[RECORD SET Boundary: Start]

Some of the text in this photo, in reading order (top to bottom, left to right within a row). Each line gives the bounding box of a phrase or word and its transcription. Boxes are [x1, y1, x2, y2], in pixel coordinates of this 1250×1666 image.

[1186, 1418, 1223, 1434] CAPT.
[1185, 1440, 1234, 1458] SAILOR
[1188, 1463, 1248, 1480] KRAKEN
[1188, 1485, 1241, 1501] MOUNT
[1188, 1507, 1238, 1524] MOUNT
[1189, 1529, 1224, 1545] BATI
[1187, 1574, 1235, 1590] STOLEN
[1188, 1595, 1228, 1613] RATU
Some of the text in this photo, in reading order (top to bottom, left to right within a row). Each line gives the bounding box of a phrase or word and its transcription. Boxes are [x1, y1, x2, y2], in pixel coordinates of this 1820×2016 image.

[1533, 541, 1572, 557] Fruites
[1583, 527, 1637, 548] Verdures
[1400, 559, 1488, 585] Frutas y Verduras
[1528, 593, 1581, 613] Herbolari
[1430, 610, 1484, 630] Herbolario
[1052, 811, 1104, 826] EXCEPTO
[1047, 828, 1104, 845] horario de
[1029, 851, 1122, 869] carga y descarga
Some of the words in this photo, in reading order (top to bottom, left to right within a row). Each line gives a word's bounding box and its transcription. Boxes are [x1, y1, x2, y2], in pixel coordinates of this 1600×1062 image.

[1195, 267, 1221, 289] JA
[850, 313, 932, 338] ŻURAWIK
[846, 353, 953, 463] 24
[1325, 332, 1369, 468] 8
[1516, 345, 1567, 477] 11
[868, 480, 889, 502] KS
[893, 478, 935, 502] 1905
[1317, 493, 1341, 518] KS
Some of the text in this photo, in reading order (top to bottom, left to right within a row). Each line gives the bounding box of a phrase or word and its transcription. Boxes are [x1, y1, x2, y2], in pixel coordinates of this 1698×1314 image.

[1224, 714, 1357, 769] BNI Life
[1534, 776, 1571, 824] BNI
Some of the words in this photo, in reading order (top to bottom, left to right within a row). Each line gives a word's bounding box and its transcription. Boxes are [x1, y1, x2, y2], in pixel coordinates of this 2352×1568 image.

[RECORD SET Boundary: End]

Write out exactly each line of the entries, starting at the one containing "this 1698×1314 image." and finishing with the last line.

- EXERCISE ANSWER -
Some of the text in this photo, in reading order (top to bottom, left to right within a row). Each line gives the bounding box of a phrase or word and its transcription. Boxes are [x1, y1, x2, y2], in pixel coordinates of this 1698×1314 image.

[1224, 714, 1357, 769] BNI Life
[1534, 776, 1571, 824] BNI
Some of the words in this photo, in reading order (top to bottom, left to right within a row). Each line gives a word's bounding box and its transcription. Boxes are [x1, y1, x2, y2], in pixel coordinates of this 2352×1568 image.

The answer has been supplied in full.